*Task statement:*
Write out the listing below character for character, though without its pictures.

*Input data:*
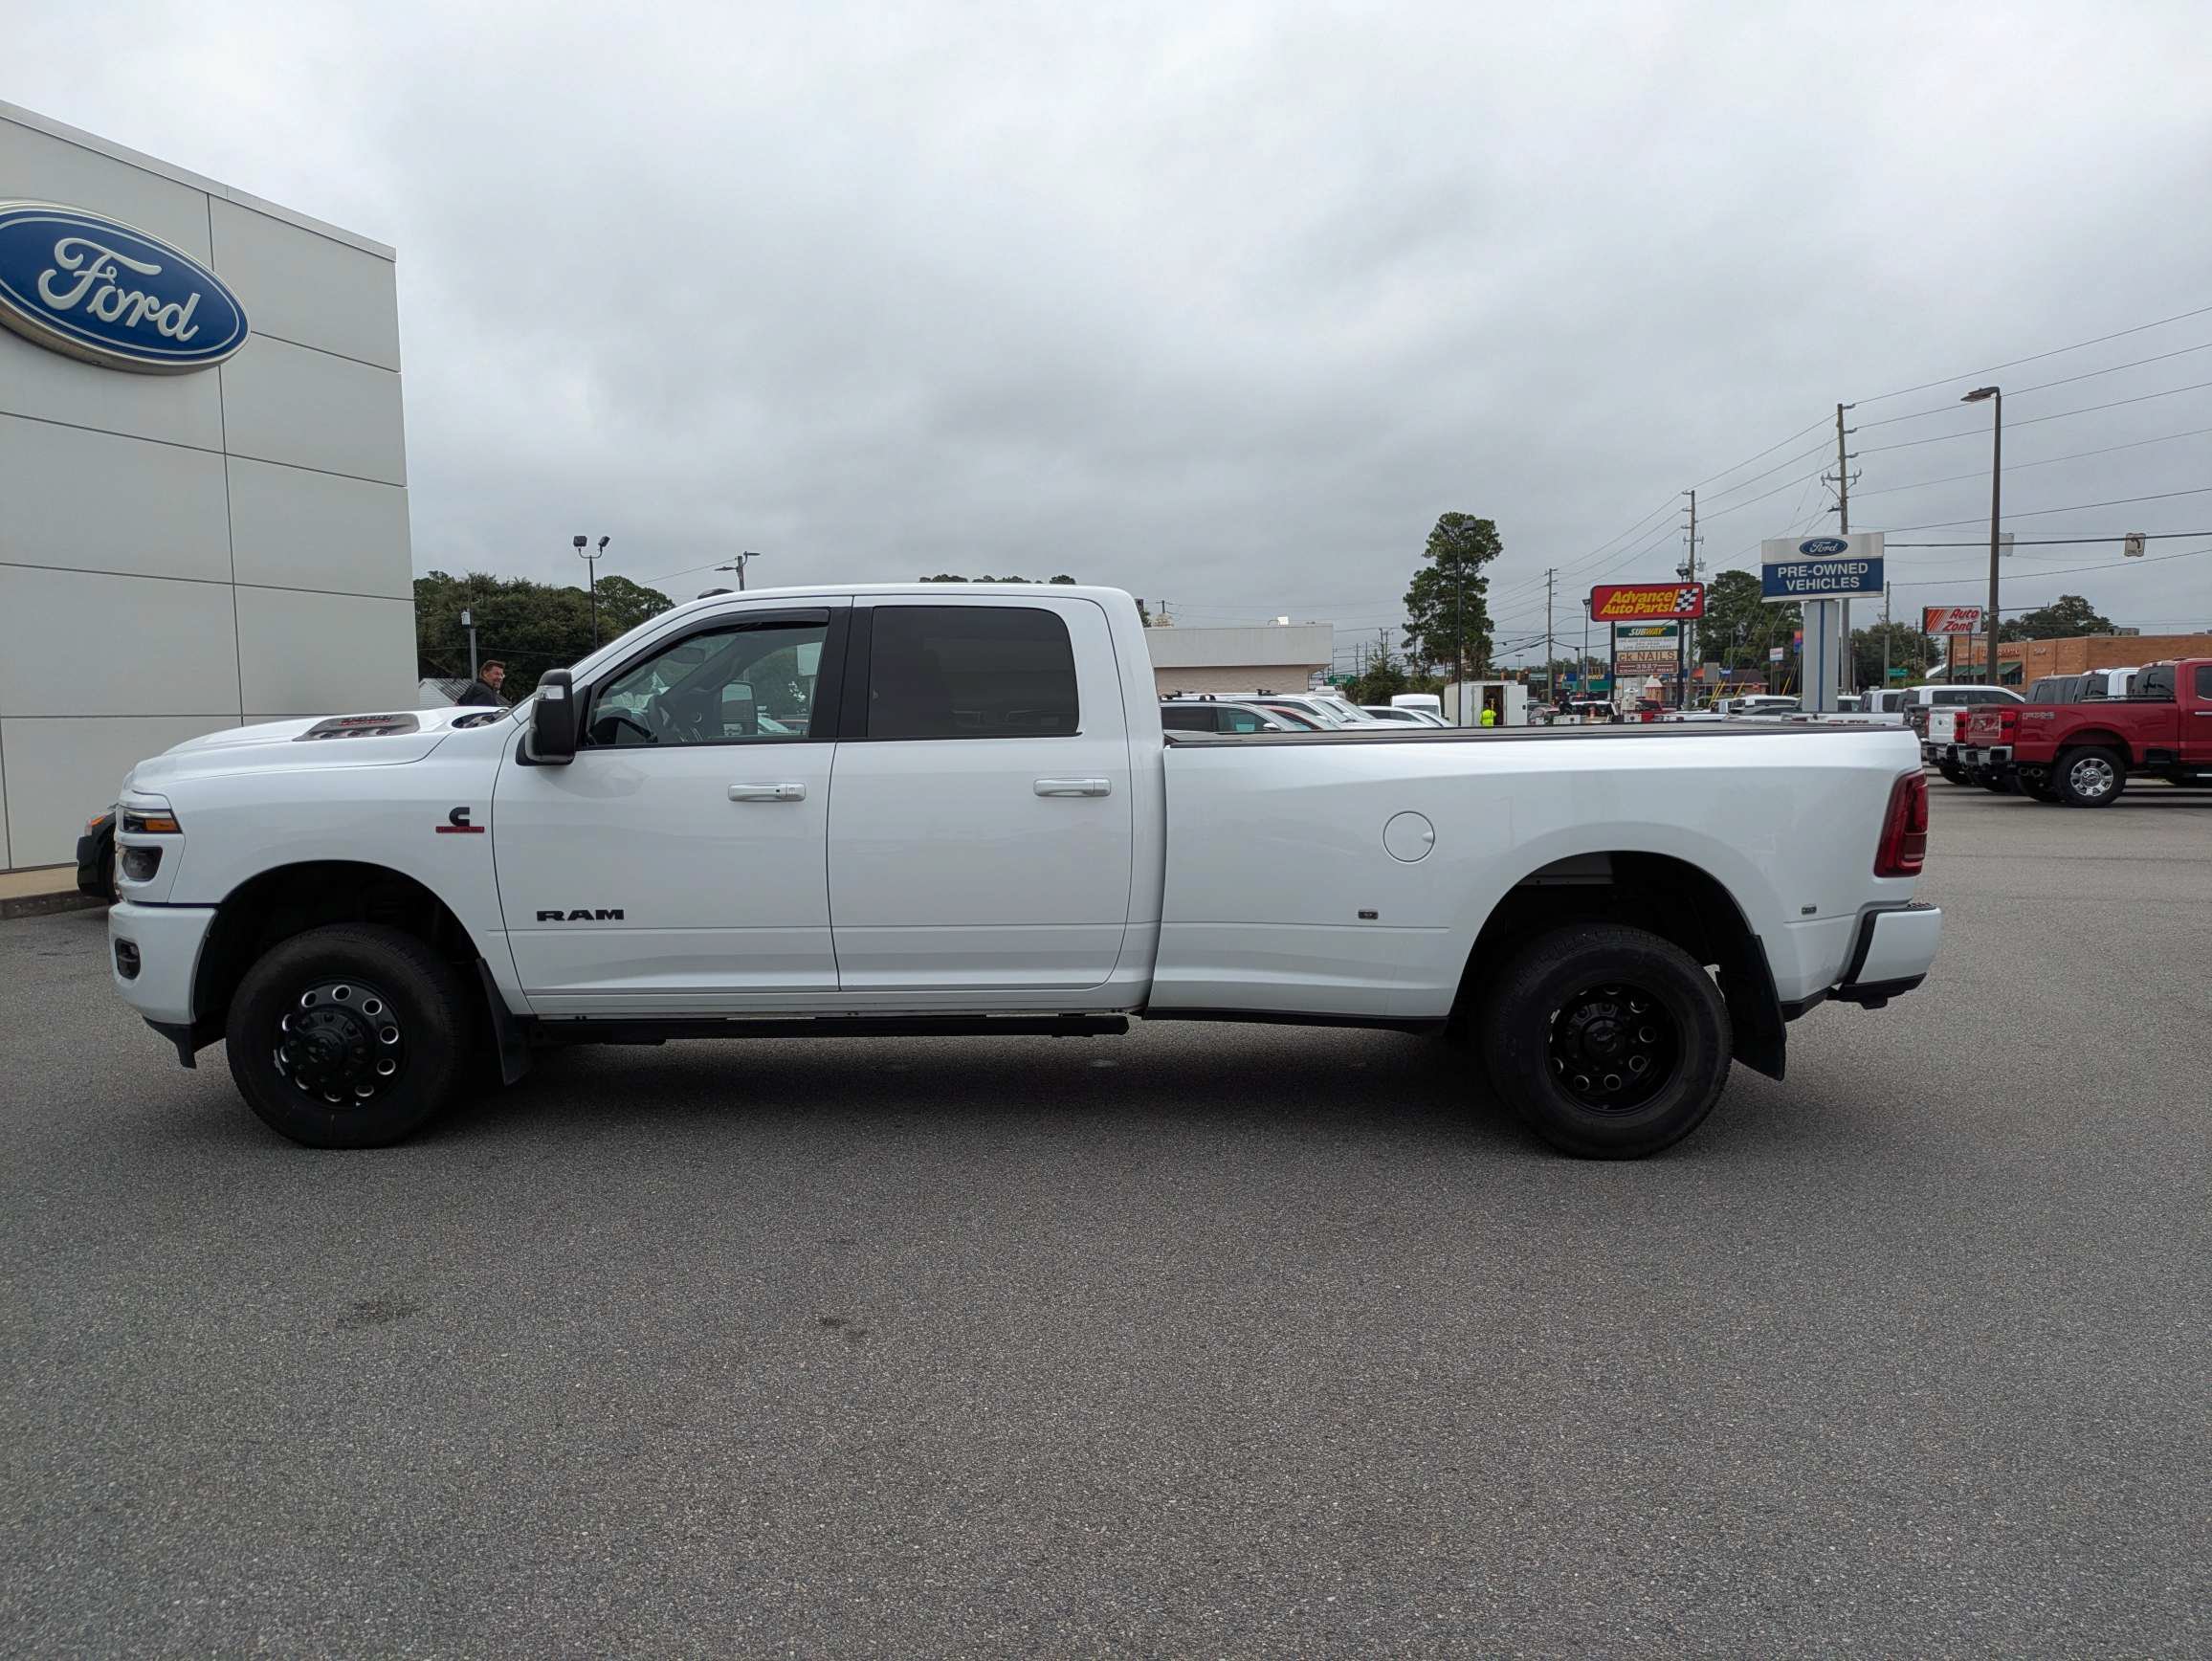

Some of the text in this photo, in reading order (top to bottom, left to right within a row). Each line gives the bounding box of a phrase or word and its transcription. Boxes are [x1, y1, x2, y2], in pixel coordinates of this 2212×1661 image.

[37, 237, 201, 342] Ford
[1809, 541, 1838, 553] Ford
[1778, 563, 1869, 578] PRE-OWNED
[1785, 576, 1860, 591] VEHICLES
[1609, 590, 1672, 604] Advance
[1601, 603, 1670, 614] Auto Parts
[1949, 608, 1980, 619] Auto
[1637, 651, 1675, 660] NAILS
[537, 909, 624, 921] RAM

*Answer to the problem:*
Some of the text in this photo, in reading order (top to bottom, left to right within a row). Each line gives the bounding box of a phrase or word and its transcription. Boxes are [x1, y1, x2, y2], in pixel coordinates of this 2212×1661 image.

[37, 237, 201, 342] Ford
[1809, 541, 1838, 553] Ford
[1778, 563, 1869, 578] PRE-OWNED
[1785, 576, 1860, 591] VEHICLES
[1609, 590, 1672, 604] Advance
[1601, 603, 1670, 614] Auto Parts
[1949, 608, 1980, 619] Auto
[1637, 651, 1675, 660] NAILS
[537, 909, 624, 921] RAM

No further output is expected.